In its briefing, the City surprisingly does not argue that Miklusak cannot meet the four-factor prima facie test. Indeed, the City concedes the prima facie case and merely argues that the City had a legitimate, non-discriminatory for terminating Miklusak after she left the May 20, 2002 meeting. Particularly, the City claims that Miklusak was insubordinate because she left the May 20, 2002 despite specific direction from Raykovich to remain. Thus, the burden shifts to Miklusak to provide evidence that the City's proffered reason for her termination was pretextual.

In order to show a genuine issue of material fact in the pretext context, a plaintiff must show either 1) it is more likely that a discriminatory reason motivated the employer's actions than the suggested non-discriminatory reason; or 2) that an employer's explanation is not credible. Hudson v.

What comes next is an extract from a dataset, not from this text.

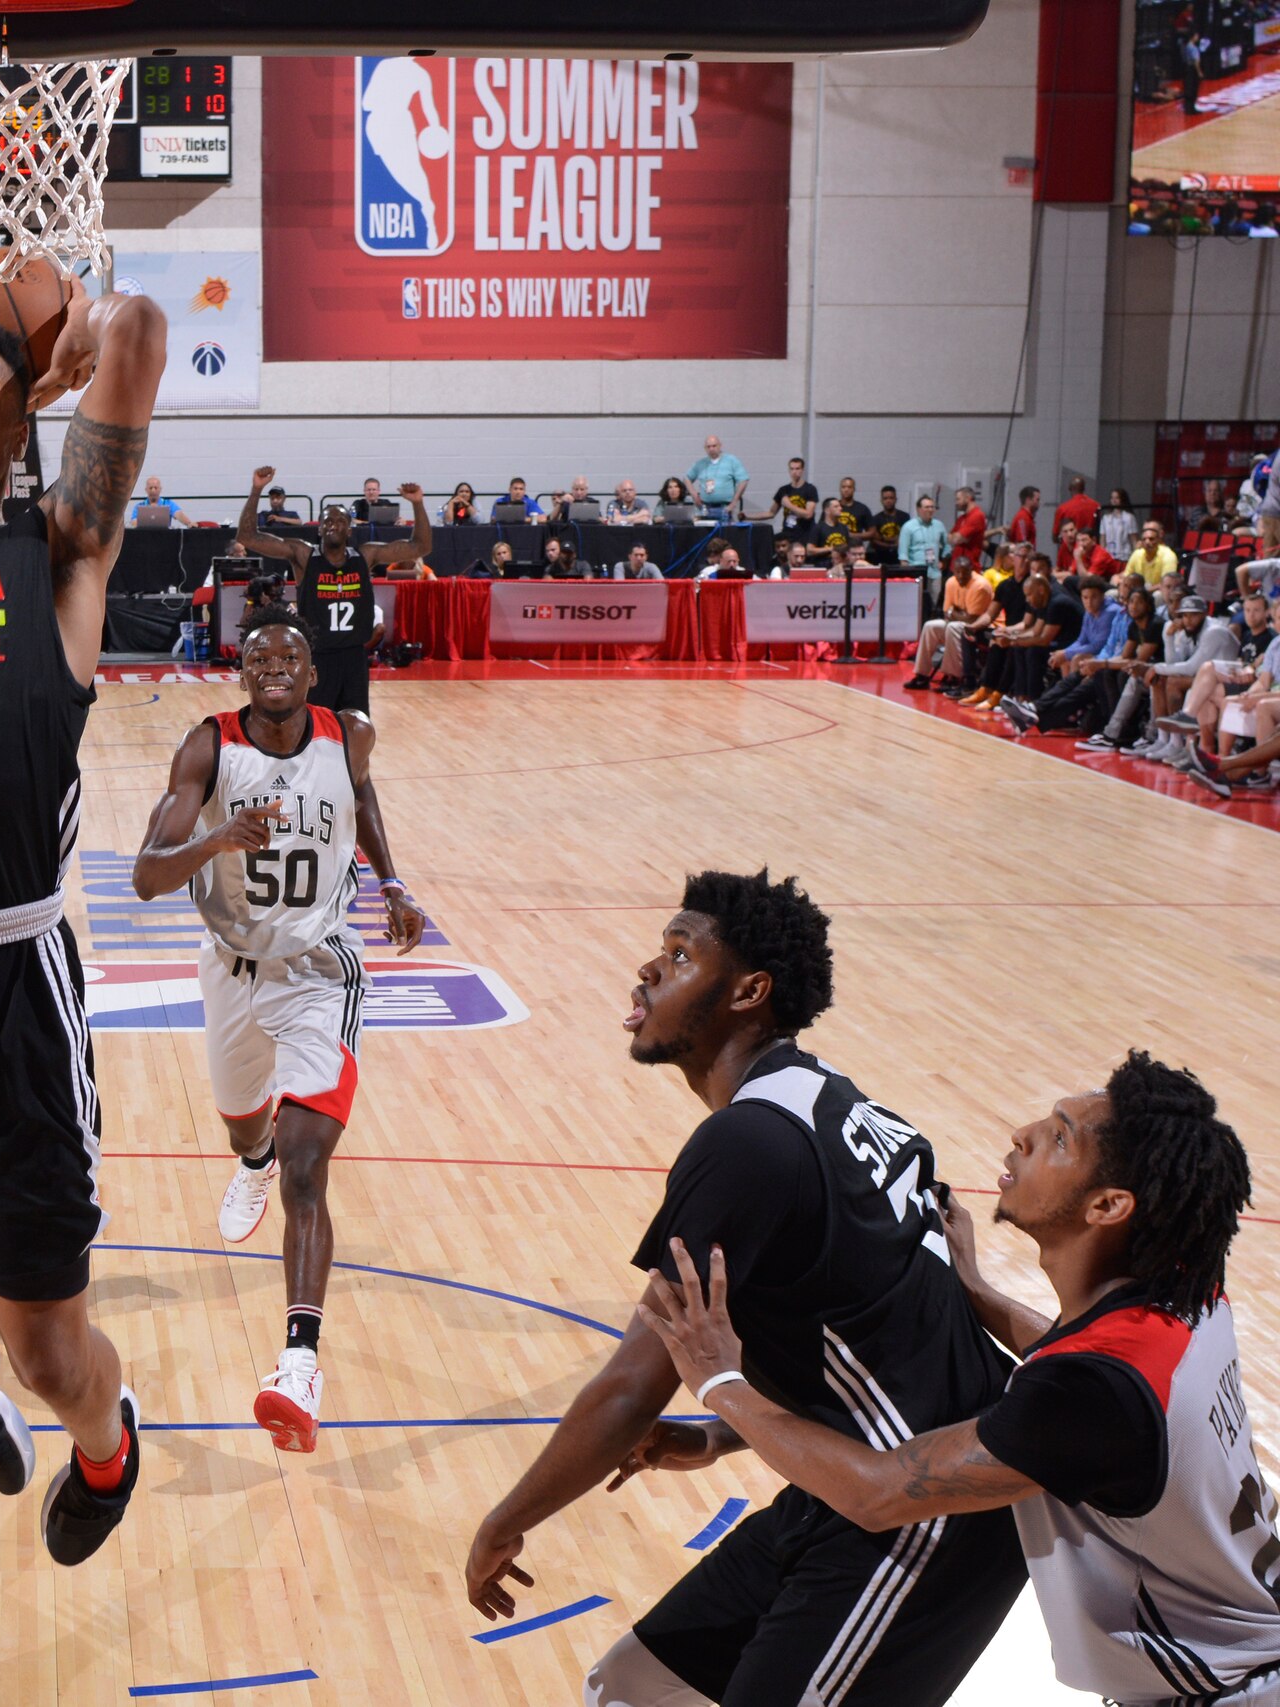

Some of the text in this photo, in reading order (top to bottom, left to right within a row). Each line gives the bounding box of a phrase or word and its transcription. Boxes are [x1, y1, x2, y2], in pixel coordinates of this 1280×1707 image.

Chicago Transit Authority, 375 F.3d 552, 561 (7th Cir. 2004). The Court will not sit as a "superpersonnel department" to second-guess an employer's explanation for its actions. Id. Instead, we address "whether the employer gave an honest explanation of its behavior." Id. (internal quotations omitted).

In this case, Miklusak has raised a genuine issue of material fact by demonstrating that the City's explanation of its decision to terminate her may not be credible. First, we note that the City itself seems unable to get its story straight. In its response to interrogatories they first state that Plaintiff "quit." (Plf. Resp. Ex. 6 at Interrogatory 4). Two questions later, they state that Plaintiff was terminated. (Id. at Interrogatory 6). "Answers to interrogatories are evidence." Zaccagnini v. Chas. Levy Circulating Co., 338 F.3d 672, 679 (7th Cir. 2003). Assuming that the City now believes Miklusak was terminated, it still cannot decide whether that decision was made on May 20, 2002 or May 30, 2002. ( Compare Def. Brief at 4, stating Miklusak was terminated on May 20th, with Def. Reply at 4, stating that Miklusak was terminated on May 30th). Moreover, the City never told Miklusak why she was being terminated until after she filed this lawsuit, and a jury could infer pretext from this. Zaccagnini, 338 F.3d at 678 ("failure to come forward with explanation earlier makes it not credible"). Clearly, the City's own internal inconsistencies suggest that its proffered reason for terminating Miklusak may not be credible. Finally, the City does not submit an affidavit from any of the four other people at the May 20, 2002 meeting to support its accounts of events. These failings by the City, while certainly not conclusive evidence that the actual reason for Miklusak's termination was her gender or race, do raise enough questions to suggest that "the employer's explanation is not credible." Hudson, 375 F.3d at 561.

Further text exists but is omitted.